馬車内からジョルジュさんが出て来て僕の隣に座る。
その顔はいつになく真剣だ。

370 名前:名も無きAAのようです 投稿日:2012/03/20(火) 00:16:31 ID:h9WJkvxs0
  _
( ゚∀゚)「1つ聞きてえんだが」

( ^ω^)「何でしょうかお?」
  _
( ゚∀゚)「あのバイン・バインドって魔法、名前的に女の子に使ったらバインバインになったりしねえの?」

( ^ω^)「なるわけねえお」

何だか色々と台無しにしてくれたジョルジュさんに、僕は思わず敬語を忘れて突っ込む。
一瞬、僕の沈んだ様子を察して、心配して声をかけてくれたのかと思ってしまった事が非常に腹立たしい。
  _
( ゚∀゚)「そっかー、残念だ。
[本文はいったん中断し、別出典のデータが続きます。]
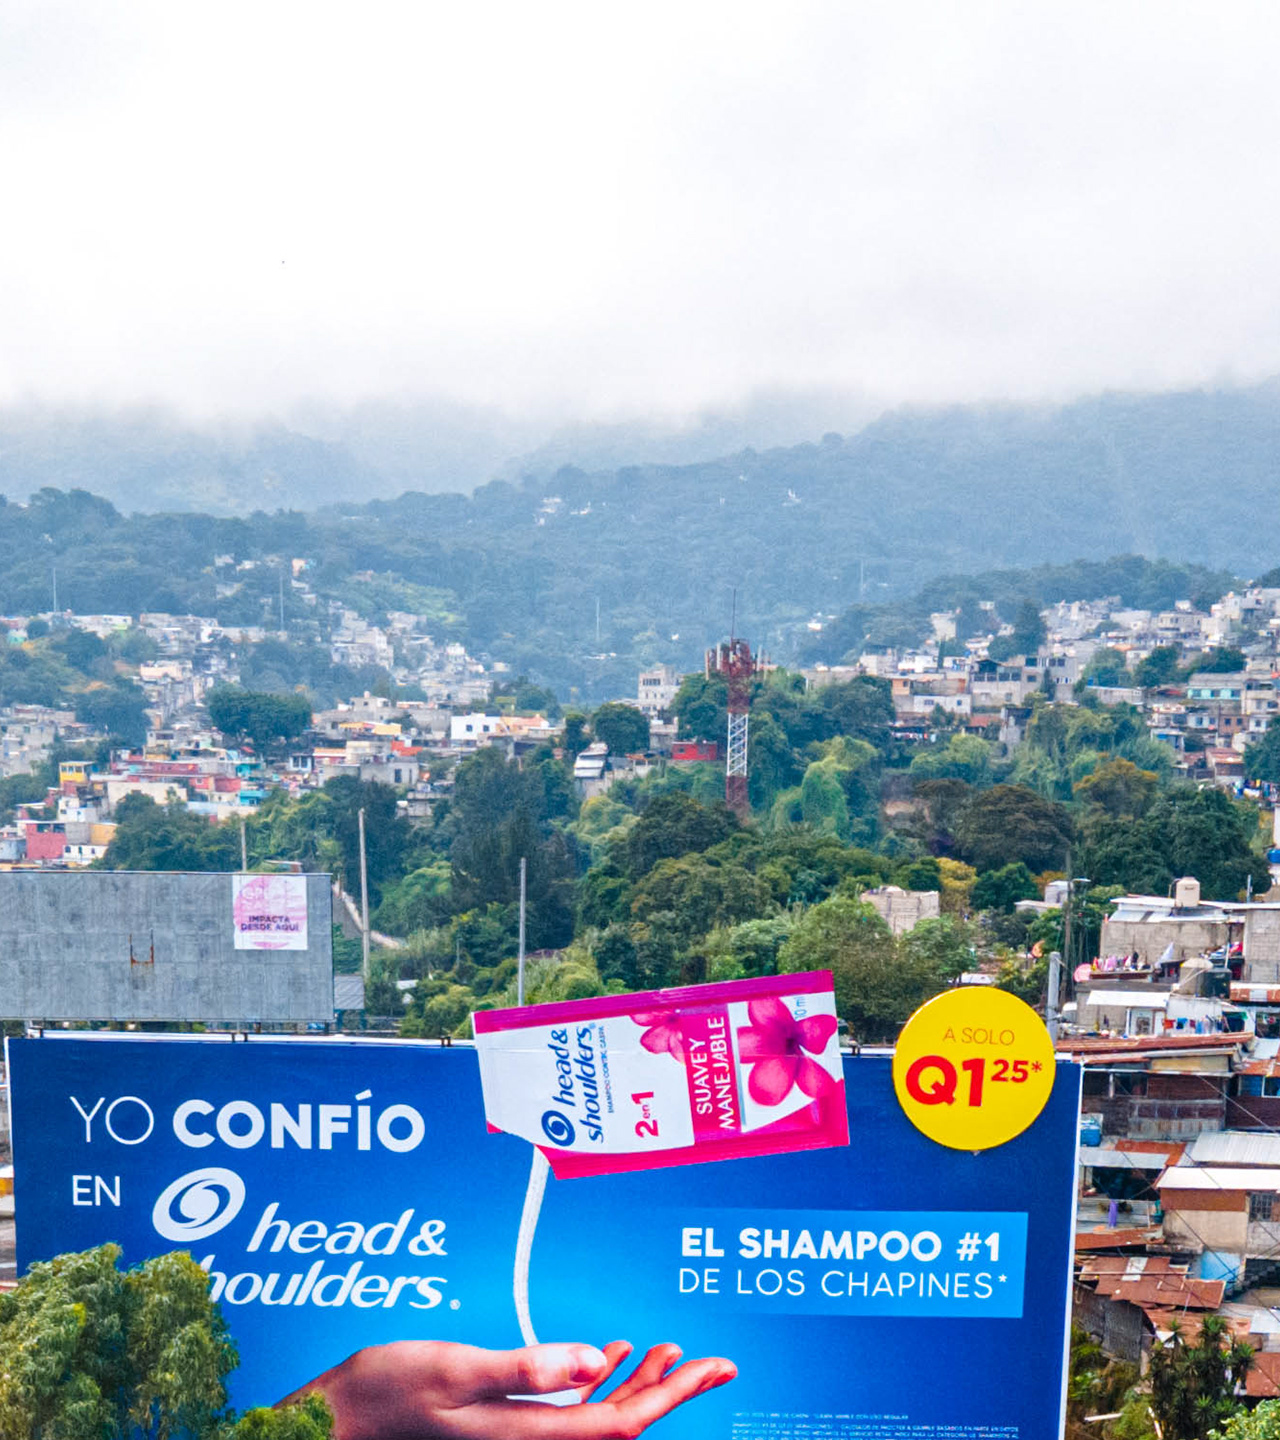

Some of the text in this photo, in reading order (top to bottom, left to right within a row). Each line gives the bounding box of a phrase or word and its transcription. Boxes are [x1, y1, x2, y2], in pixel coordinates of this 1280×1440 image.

もしバインバインになるなら、ツンに使ってあげればいいと思ったのにな」

(;^ω^)「えーっと、ジョルジュさん……自力で追いついてくださいね」
         _
ξ  )ξ( ゚∀゚)「え? 何──」


          ハヲクイシバレー!!!      ヒデブッ!!!
           ξ#^竸)ξ三///つ(#)゚∀゚).・。 ’

僕は、馬車から転がり落ちるジョルジュさんに心の中で敬礼を捧げ、馬車を止める事無く走らせ続けた。